Die von jahrzehntelangem Bürgerkrieg gebeutelte Hauptstadt Somalias erlebt seit kurzem einen Aufschwung. Somalis, die jahrelang im Exil lebten, kehren in ihre Heimat zurück, um beim Wiederaufbau zu helfen. Und doch scheinen die urbanen Fortschritte noch nicht dauerhaft zu sein. Eine Fahrt durch die Stadt, die lange den unrühmlichen Titel der „gefährlichsten Hauptstadt der Welt“ trug.

An unserem gepanzerten Land Cruiser ziehen sich meine Kollegen Tim und Joanna ihre schweren Splitterschutzwesten über. Wir fahren heute von unserem UNO­ Camp am Flughafen zu einem Treffen in die Villa Somalia, dem Regierungssitz des Landes. Wir wollen Stabilisierungs-­ und Wiederaufbaumaßnahmen mit der Regierung besprechen. Fünf Kilometer Fahrt durch Mogadischu.

Die Fahrt beginnt entlang der Landebahn, auf der reger Flug­ verkehr herrscht. Erstmals seit langer Zeit kehren Exil­-Somalis wieder nach Somalia zurück. Seitdem die Islamisten von Al Schabab im August 2011 die Stadt der somalischen Regierung und den Soldaten der Afrikanischen Union (AMISOM) über­ließen, sind bereits Tausende hier gelandet. Viele kommen, um Verwandte zu besuchen, die trotz des Krieges nicht geflohen sind; andere kommen, um zu bleiben und Geschäfte aufzubauen.
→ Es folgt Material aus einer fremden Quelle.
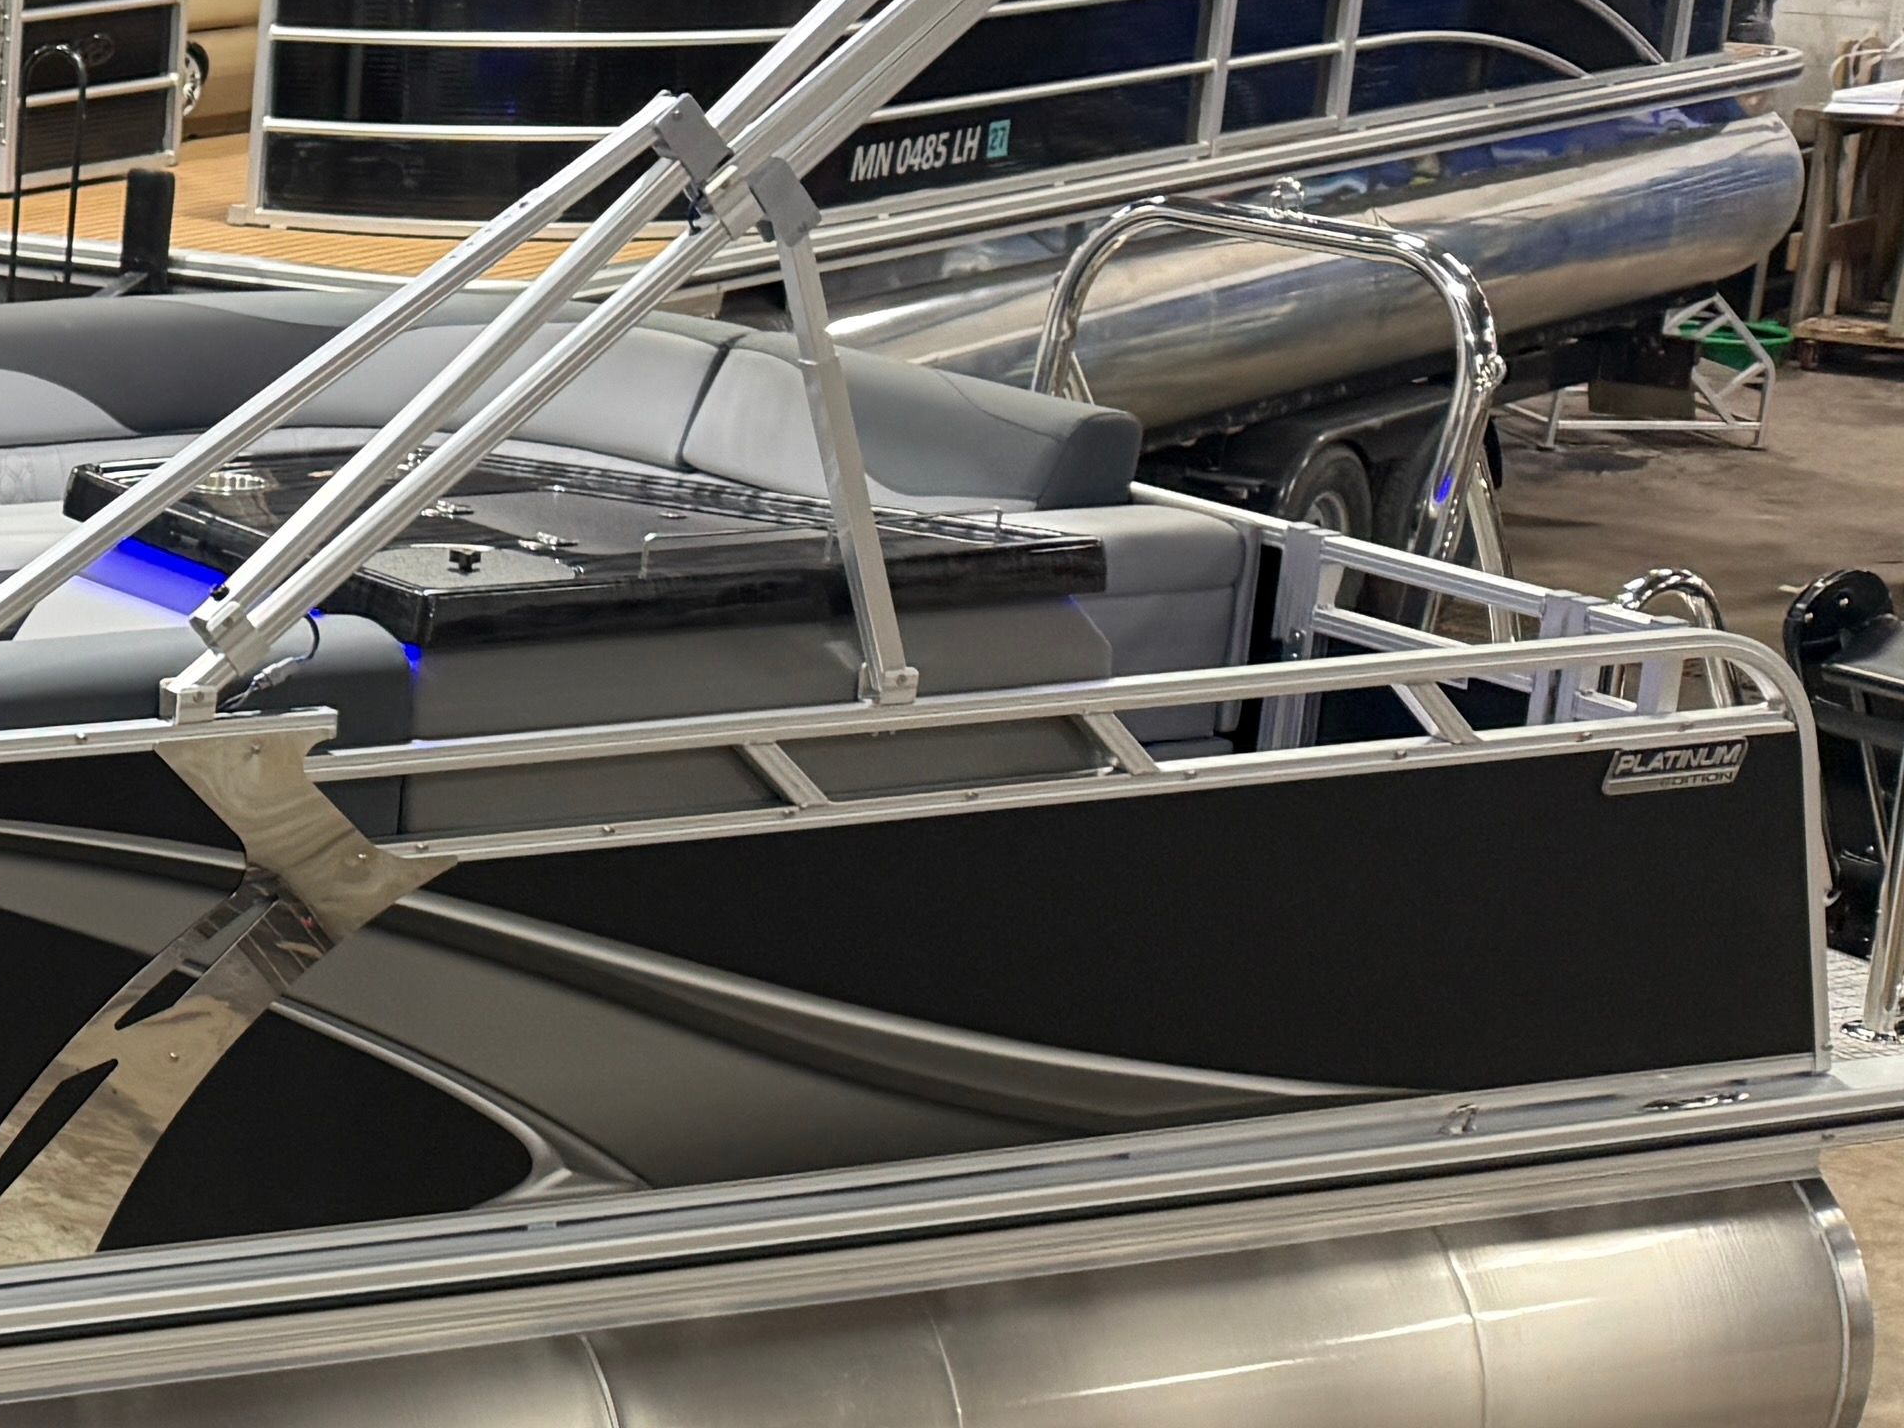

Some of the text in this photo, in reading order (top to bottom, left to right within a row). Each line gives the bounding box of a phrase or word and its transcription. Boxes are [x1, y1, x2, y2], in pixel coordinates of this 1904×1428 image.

[989, 126, 1007, 151] 27
[850, 125, 982, 182] MN 0485 LH
[1614, 743, 1743, 775] PLATINUM
[1659, 771, 1733, 787] EDITION
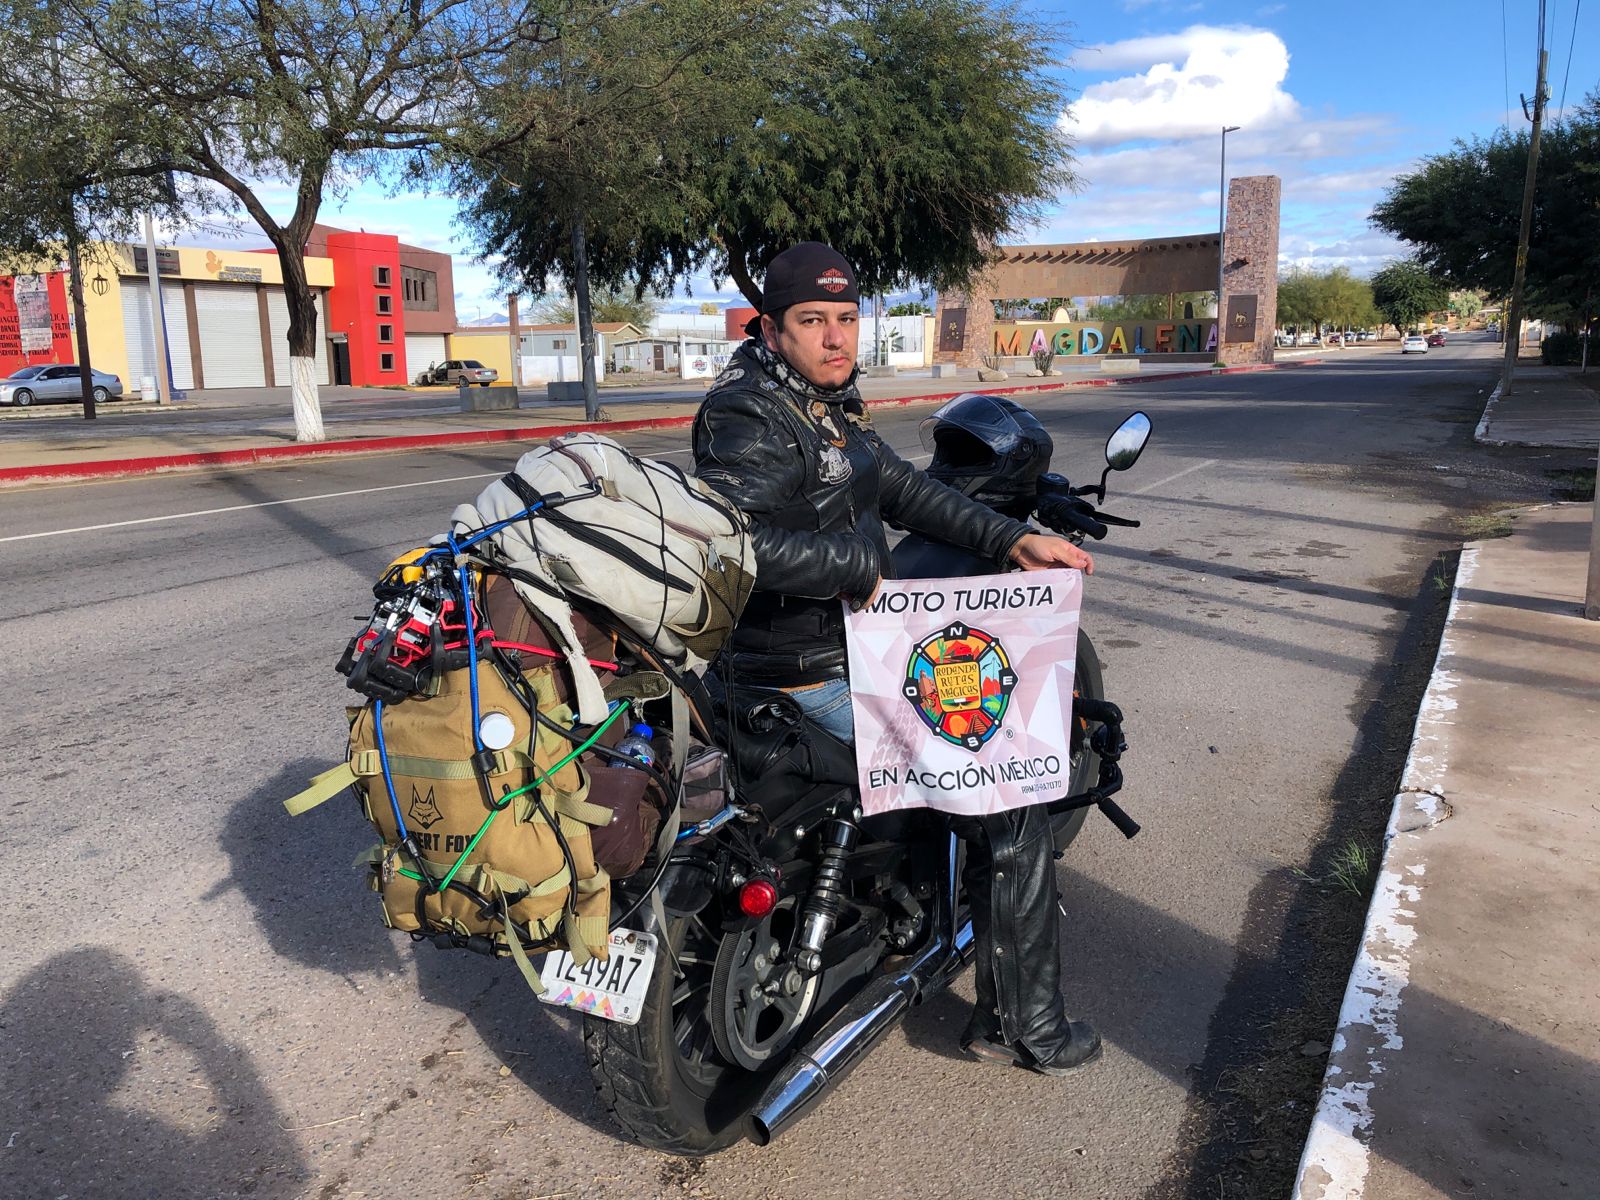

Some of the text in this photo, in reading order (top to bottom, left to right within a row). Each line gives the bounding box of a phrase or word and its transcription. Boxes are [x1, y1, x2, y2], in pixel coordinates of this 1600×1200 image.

[995, 324, 1217, 356] MAGDALENA
[865, 585, 1054, 614] MOTO TURISTA
[950, 626, 963, 636] N
[940, 675, 974, 687] RUTAS
[1003, 675, 1013, 685] E
[906, 687, 918, 696] O
[967, 737, 979, 747] S
[869, 756, 1060, 790] EN ACCIÓN MÉXICO
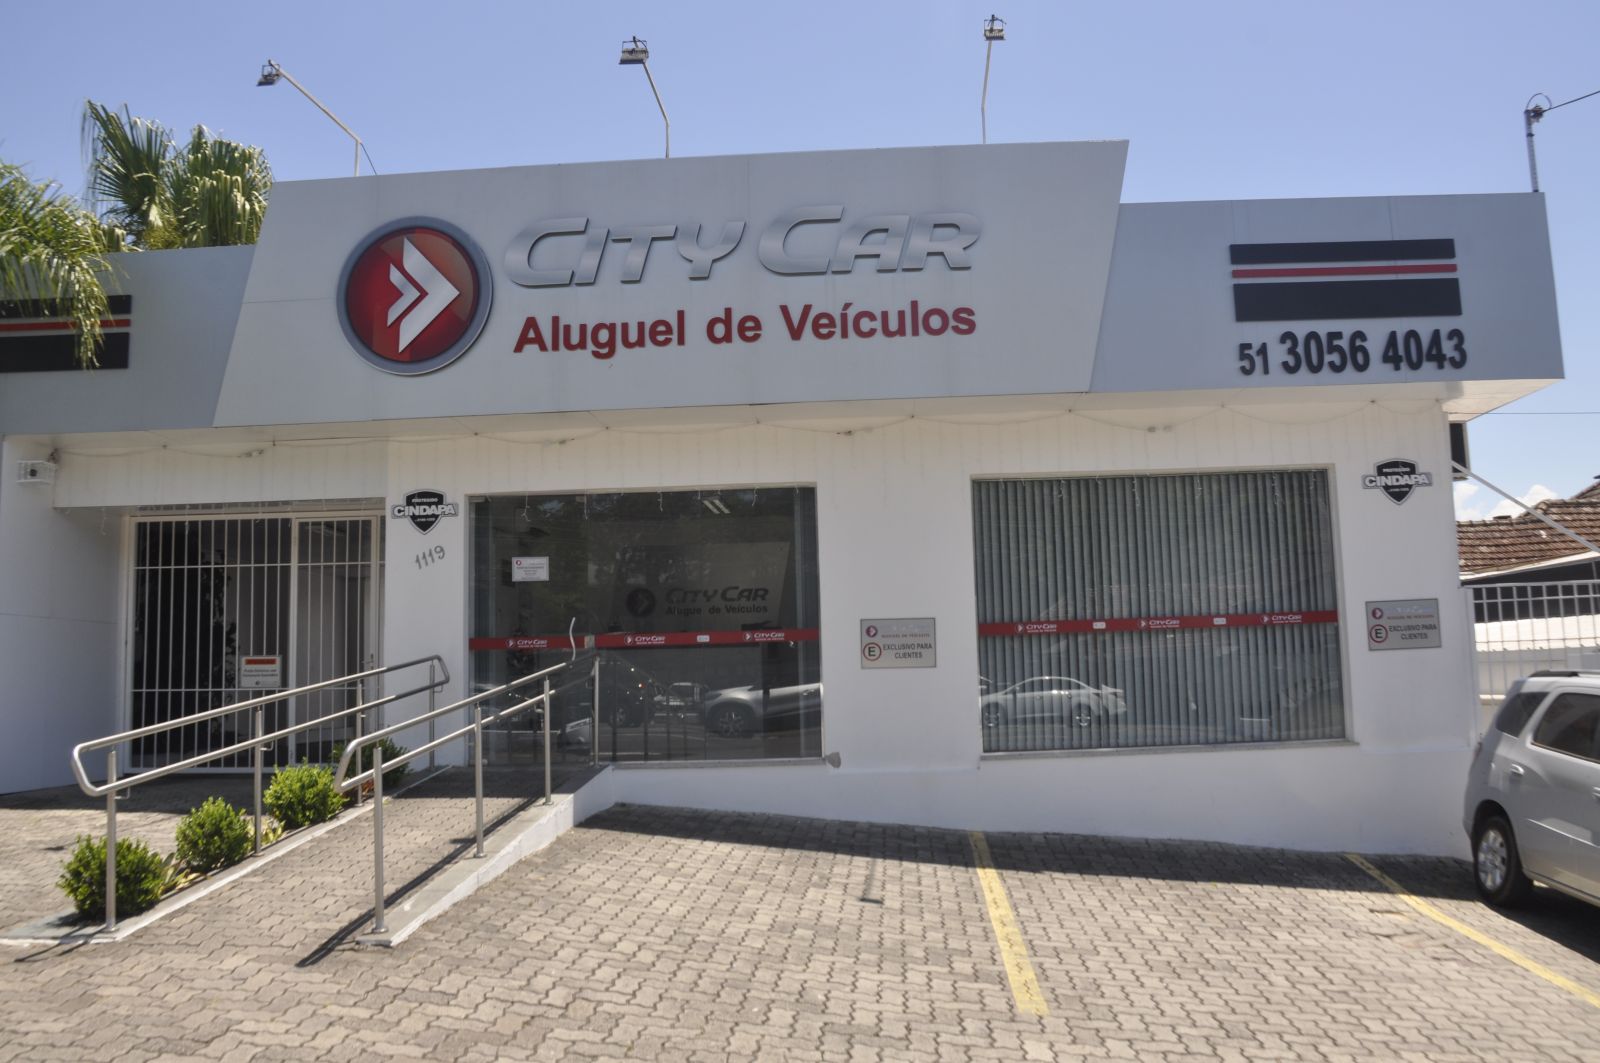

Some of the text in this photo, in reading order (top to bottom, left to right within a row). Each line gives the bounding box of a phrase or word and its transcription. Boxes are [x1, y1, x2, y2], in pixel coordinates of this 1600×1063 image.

[504, 204, 984, 288] CITY CAR
[513, 299, 977, 360] Aluguel de Veículos
[1238, 327, 1468, 376] 51 3056 4043
[1365, 474, 1430, 487] CINDAPA
[393, 504, 456, 517] CINDAPA
[414, 545, 446, 570] 1119
[720, 586, 769, 602] CAR
[1374, 628, 1384, 639] E
[1387, 624, 1421, 632] EXCLUSIVO
[1400, 632, 1428, 640] CLIENTES
[867, 646, 877, 657] E
[882, 642, 933, 651] EXCLUSIVO PARA
[894, 651, 923, 659] CLIENTES
Bauboom und Not in unmittelbarer Nachbarschaft

Wir müssen nicht weit fahren, um die Wiederauferstehung Mogadischus zu erleben. Gleich hinter den Toren des geschützten Flughafengeländes wird überall gebaut und renoviert. Wir fahren vorbei an himmelblauen und pfirsichfarbenen Vorstadtvillen sowie dem neuen Jazeera Hotel. Der Aufbruch ist greifbar an der Airport Road.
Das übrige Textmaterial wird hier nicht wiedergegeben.